In Gesellschaft eines Roboters kann Schokolade besser schmecken.

(Bild: University of Tokyo)

Lesezeit: 6 Min.
Von
  • Hans-Arthur Marsiske
Inhaltsverzeichnis

Der Supermarkt Edeka Sander in Ilmenau wirbt mit geräuscharmen Einkaufswagen, kostenlosem WLAN und "modernster Supermarkttechnik". Dennoch dürften einige Kunden überrascht gewesen sein, als sie dort beim Einkaufen einem Roboter begegneten.

Die 1,50 Meter große und 80 Kilogramm schwere Maschine patrouillierte dort im Rahmen des vom Bundesforschungsministeriums geförderten Rotator-Projekts durch die Gänge, um zu prüfen, welche Regalplätze aufgefüllt werden mussten. Für einen großen Supermarkt könnten sich die durch verzögerte Füllung der Regale verursachten Umsatzeinbußen auf bis zu 100.000 Euro pro Jahr summieren, heißt es in der Beschreibung des Drei-Jahres-Projekts. Über drei Tage testeten daher Forscher der TU Ilmenau und der beteiligten Firmen, inwieweit sich dieser Betrag mit Roboterhilfe reduzieren lässt.
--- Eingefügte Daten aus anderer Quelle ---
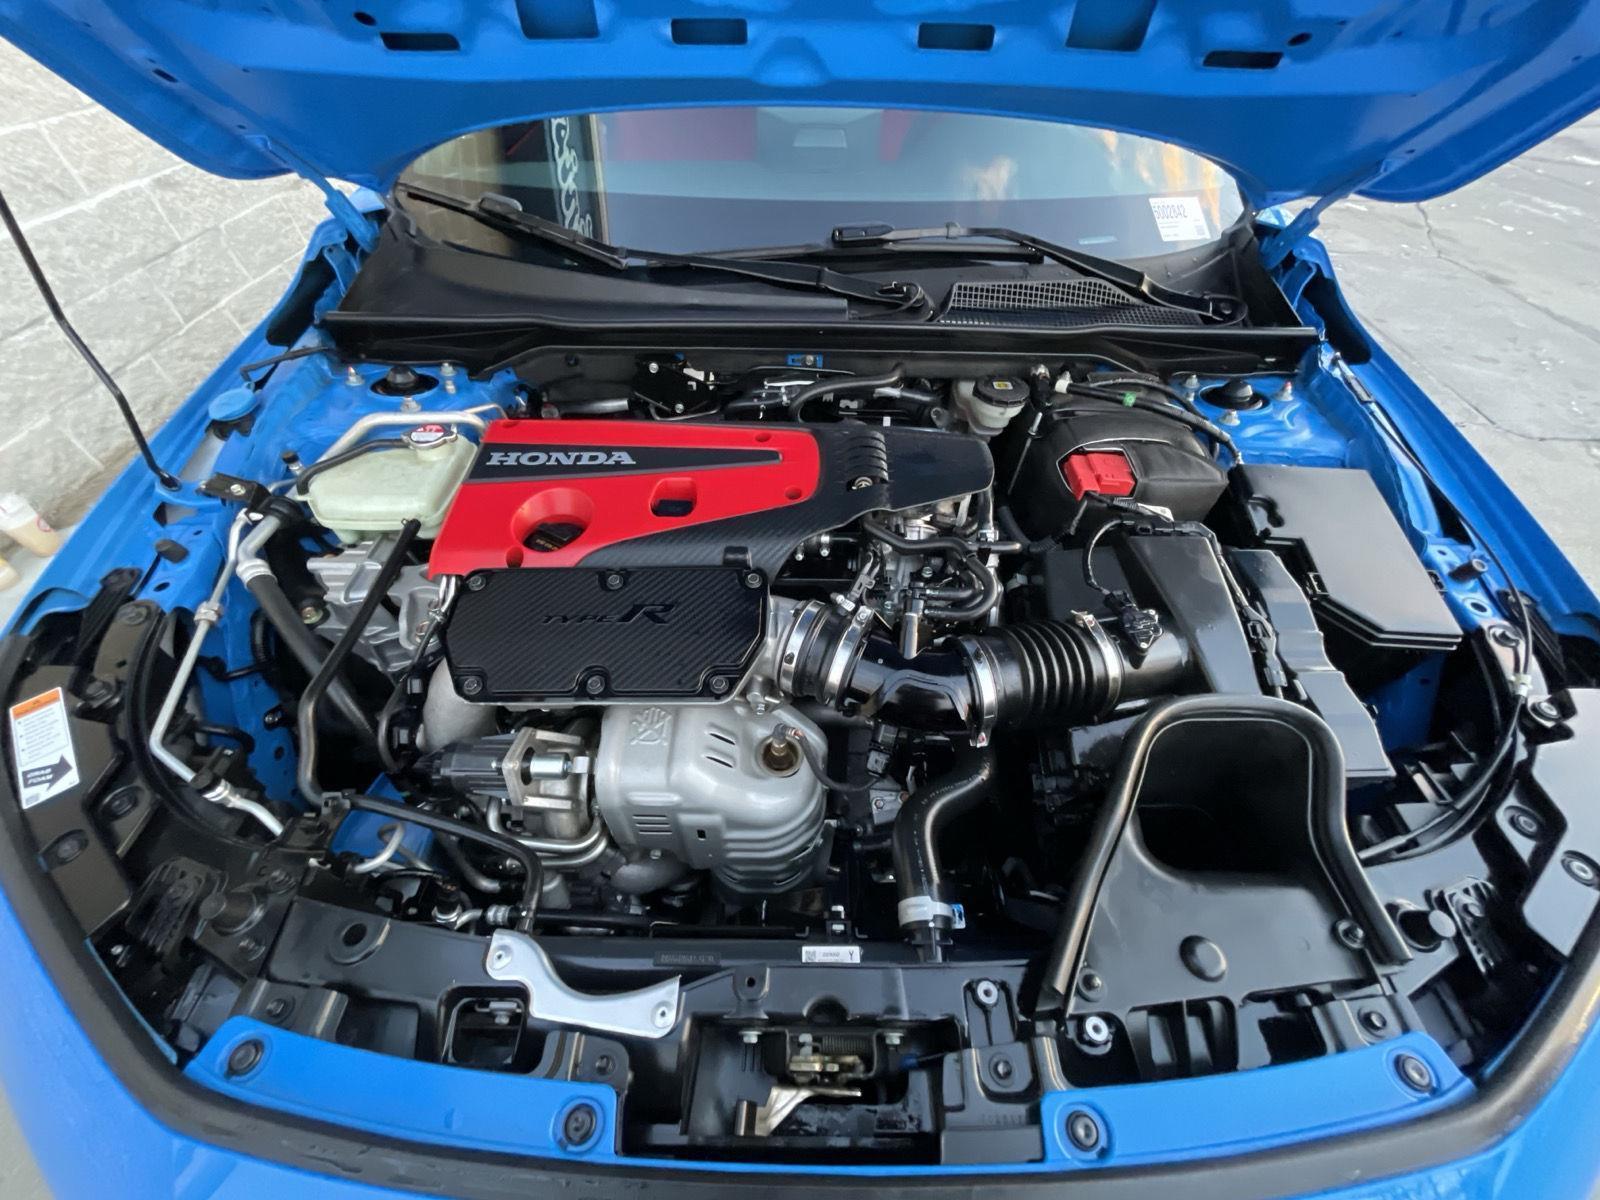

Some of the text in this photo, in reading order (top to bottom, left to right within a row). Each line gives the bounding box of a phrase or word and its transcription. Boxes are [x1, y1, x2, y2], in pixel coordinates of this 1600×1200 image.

Im Mittelpunkt der Studie, die jetzt bei der Konferenz Robot and Human Interactive Communication (RO-MAN) von Benjamin Lewandowski (TU Ilmenau) vorgestellt wurde, stand allerdings weniger das Prüfen der Regale zu Inventurzwecken, sondern das Verhalten gegenüber den Kunden. Denn natürlich soll der Roboter den Alltagsbetrieb nicht stören und dadurch womöglich noch größere Umsatzeinbußen verursachen. Deswegen ist er so programmiert, dass er erkennt, wenn der schmale Gang zwischen zwei Regalen durch Kunden oder andere Hindernisse blockiert ist, und höflich wartet oder zunächst einen anderen Gang aufsucht. Zudem kann er auf verschiedene Weisen mit Menschen kommunizieren: Neben einer Stimme verfügt er über Lichter, die mit den Farben Grün, Gelb und Rot signalisieren, ob sich ein Mensch in kritischer Distanz zu ihm aufhält. Außerdem kann er mit einem Beamer Zeichen auf den Boden projizieren und damit seine eigene Bewegungsrichtung anzeigen wie auch zu erkennen geben, dass er einen Menschen und dessen Körperausrichtung erkannt hat.
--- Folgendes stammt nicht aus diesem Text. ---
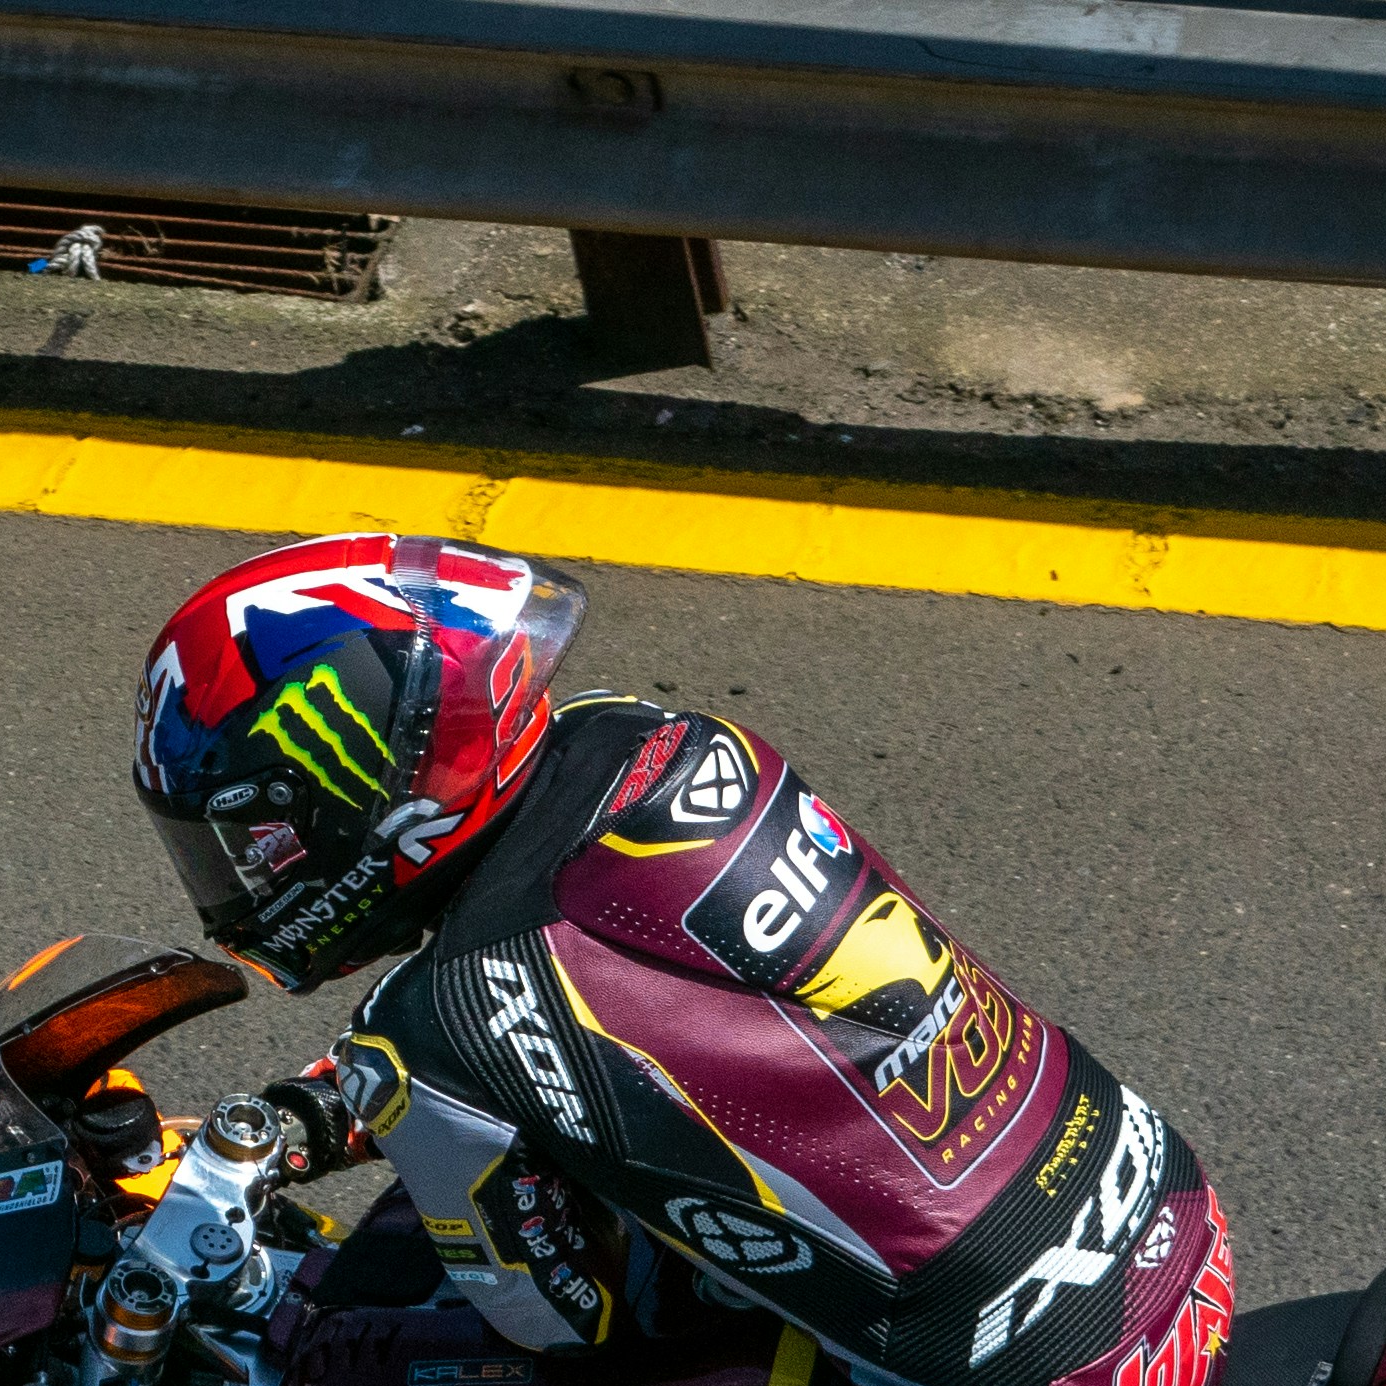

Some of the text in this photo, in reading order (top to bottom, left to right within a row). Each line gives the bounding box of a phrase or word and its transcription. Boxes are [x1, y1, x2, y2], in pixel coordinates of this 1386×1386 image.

[216, 786, 256, 807] HJC
[262, 853, 389, 953] MONSTER
[305, 883, 383, 955] ENERGY
[742, 827, 830, 953] elf
[481, 956, 596, 1145] IXON
[874, 975, 965, 1092] marc
[941, 1013, 1034, 1165] RACING TEAM
[412, 1363, 526, 1382] KALEX
Während des Drei-Tage-Tests wurde der Roboter teils mit und teils ohne diese kommunikativen Fähigkeiten eingesetzt. Eine Kundenbefragung ergab, dass der kommunizierende Roboter deutlich positiver wahrgenommen wurde. Ohne diese Eigenschaft wirkte er dagegen verunsichernd, weil seine Funktion unklar blieb.
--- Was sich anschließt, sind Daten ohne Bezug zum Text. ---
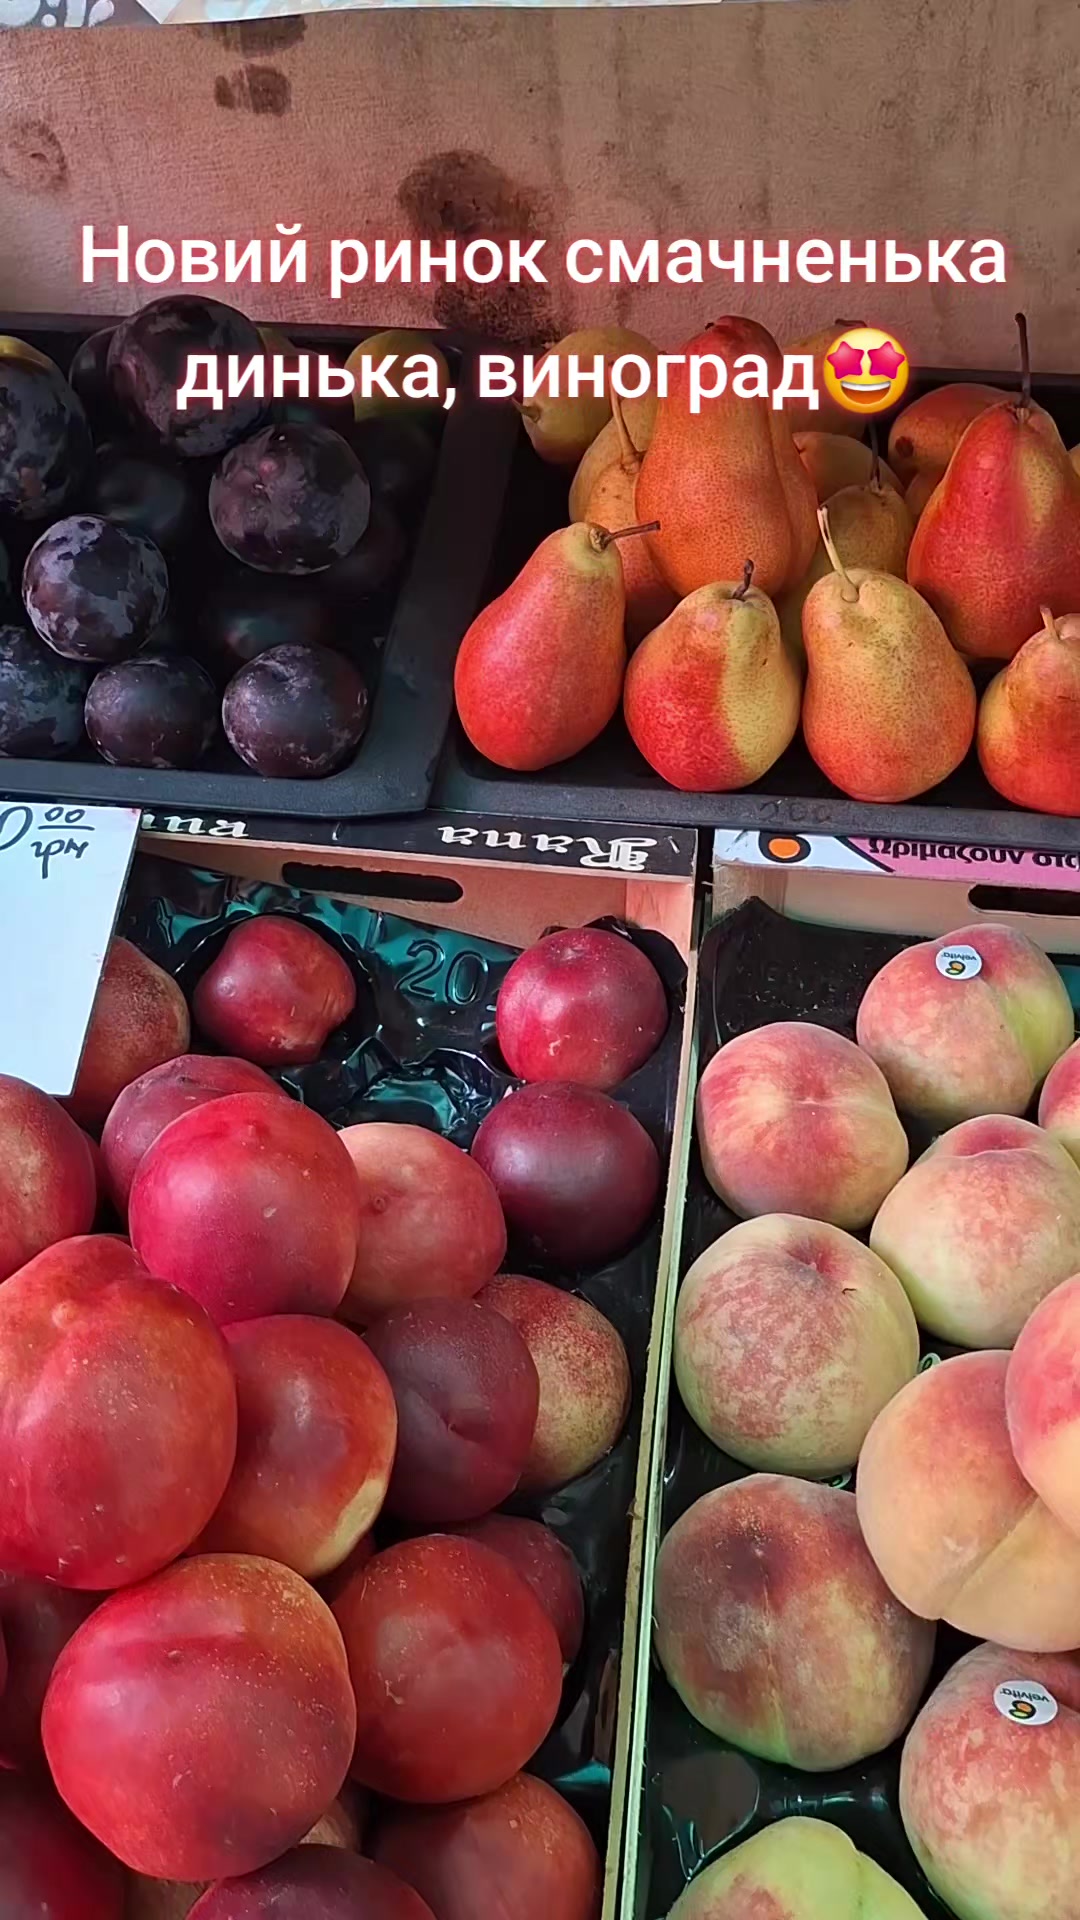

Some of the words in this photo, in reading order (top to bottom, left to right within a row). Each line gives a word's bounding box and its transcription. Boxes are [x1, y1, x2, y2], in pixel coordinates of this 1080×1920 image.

[942, 951, 978, 961] velvita
[395, 938, 489, 1005] 20
[1001, 1687, 1051, 1703] velvita
Während der Ilmenauer Roboter künftig dafür sorgen soll, dass immer genügend Lebensmittel vorhanden sind, beschäftigen sich andere Beiträge zur RO-MAN mit weiteren Aspekten der Ernährung. So geht es in einer von Débora Pereira (Scuola Superiore Sant’Anna) vorgestellten Studie darum, die Kräfte zu analysieren, die beim Wenden von Speisen auf dem Grill oder in der Bratpfanne aufgewendet werden. Hierfür wurden ein Bratenwender und eine Grillzange mit Kraftsensoren ausgestattet. Sowohl ausgebildete Köche als auch Amateure waren dann aufgefordert, damit Hühnerbrust, Hamburger, Zucchinistücke sowie Auberginen zu wenden. Bis Roboter mit vergleichbarem Geschick einen Grill werden bedienen können, wird es aber wohl noch dauern: Im nächsten Schritt wollen die Forscher erst einmal die Instrumentierung der Küchengeräte verbessern, um präzisere Messungen vornehmen zu können.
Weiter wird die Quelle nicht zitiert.